**Exercise goal**
Set down all of the data that follows word for word, without the images.

Exercise data below:

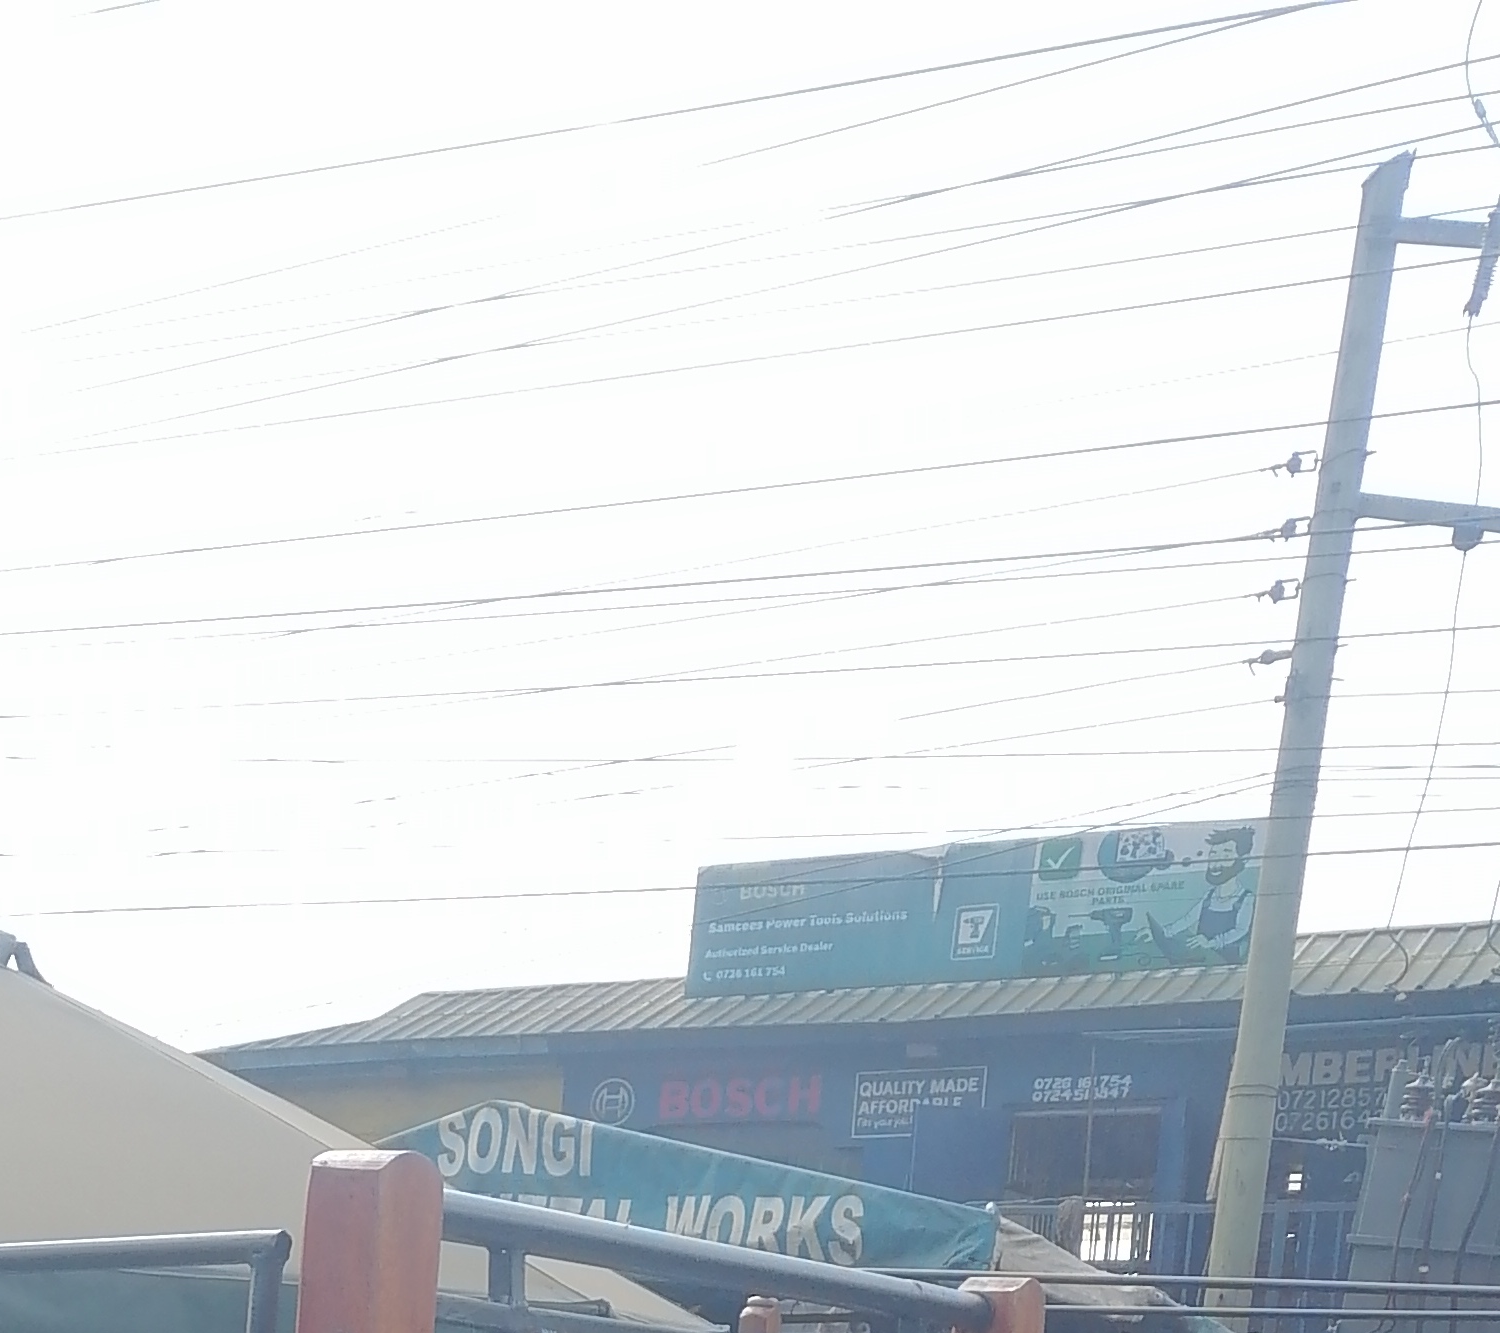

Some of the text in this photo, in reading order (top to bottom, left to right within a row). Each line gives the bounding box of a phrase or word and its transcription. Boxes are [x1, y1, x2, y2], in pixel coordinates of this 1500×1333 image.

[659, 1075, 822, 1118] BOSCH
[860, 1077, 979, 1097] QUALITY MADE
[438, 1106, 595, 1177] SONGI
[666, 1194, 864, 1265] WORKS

End of Exercise data.

**Your response**
Some of the text in this photo, in reading order (top to bottom, left to right within a row). Each line gives the bounding box of a phrase or word and its transcription. Boxes are [x1, y1, x2, y2], in pixel coordinates of this 1500×1333 image.

[659, 1075, 822, 1118] BOSCH
[860, 1077, 979, 1097] QUALITY MADE
[438, 1106, 595, 1177] SONGI
[666, 1194, 864, 1265] WORKS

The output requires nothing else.